→ Recorded data:
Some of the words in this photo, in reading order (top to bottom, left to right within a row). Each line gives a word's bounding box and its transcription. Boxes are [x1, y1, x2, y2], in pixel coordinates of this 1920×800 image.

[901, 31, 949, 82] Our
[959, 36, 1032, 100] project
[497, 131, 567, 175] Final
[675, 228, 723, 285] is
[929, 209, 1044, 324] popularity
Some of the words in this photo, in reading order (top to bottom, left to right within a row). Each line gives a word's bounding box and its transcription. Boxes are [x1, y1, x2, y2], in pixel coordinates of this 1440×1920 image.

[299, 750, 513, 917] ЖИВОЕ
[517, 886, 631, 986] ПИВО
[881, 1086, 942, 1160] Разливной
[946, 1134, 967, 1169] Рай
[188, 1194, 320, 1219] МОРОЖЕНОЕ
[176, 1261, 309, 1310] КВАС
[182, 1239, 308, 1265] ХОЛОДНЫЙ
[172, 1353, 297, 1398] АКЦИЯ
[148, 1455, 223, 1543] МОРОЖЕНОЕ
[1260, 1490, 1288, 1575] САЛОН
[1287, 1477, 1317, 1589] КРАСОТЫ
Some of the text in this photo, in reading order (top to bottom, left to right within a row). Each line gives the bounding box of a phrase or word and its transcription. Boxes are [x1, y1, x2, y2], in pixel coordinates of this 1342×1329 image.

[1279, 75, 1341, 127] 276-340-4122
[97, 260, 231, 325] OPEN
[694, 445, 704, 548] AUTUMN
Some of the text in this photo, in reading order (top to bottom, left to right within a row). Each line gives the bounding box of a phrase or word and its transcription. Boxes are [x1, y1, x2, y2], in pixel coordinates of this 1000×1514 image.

→ Required action:
Would you restate the records word for word?

→ Completed exercise:
Some of the words in this photo, in reading order (top to bottom, left to right within a row). Each line gives a word's bounding box and its transcription. Boxes are [x1, y1, x2, y2], in pixel coordinates of this 1920×800 image.

[901, 31, 949, 82] Our
[959, 36, 1032, 100] project
[497, 131, 567, 175] Final
[675, 228, 723, 285] is
[929, 209, 1044, 324] popularity
Some of the words in this photo, in reading order (top to bottom, left to right within a row). Each line gives a word's bounding box and its transcription. Boxes are [x1, y1, x2, y2], in pixel coordinates of this 1440×1920 image.

[299, 750, 513, 917] ЖИВОЕ
[517, 886, 631, 986] ПИВО
[881, 1086, 942, 1160] Разливной
[946, 1134, 967, 1169] Рай
[188, 1194, 320, 1219] МОРОЖЕНОЕ
[176, 1261, 309, 1310] КВАС
[182, 1239, 308, 1265] ХОЛОДНЫЙ
[172, 1353, 297, 1398] АКЦИЯ
[148, 1455, 223, 1543] МОРОЖЕНОЕ
[1260, 1490, 1288, 1575] САЛОН
[1287, 1477, 1317, 1589] КРАСОТЫ
Some of the text in this photo, in reading order (top to bottom, left to right within a row). Each line gives the bounding box of a phrase or word and its transcription. Boxes are [x1, y1, x2, y2], in pixel coordinates of this 1342×1329 image.

[1279, 75, 1341, 127] 276-340-4122
[97, 260, 231, 325] OPEN
[694, 445, 704, 548] AUTUMN
Some of the text in this photo, in reading order (top to bottom, left to right within a row). Each line gives the bounding box of a phrase or word and its transcription. Boxes are [x1, y1, x2, y2], in pixel coordinates of this 1000×1514 image.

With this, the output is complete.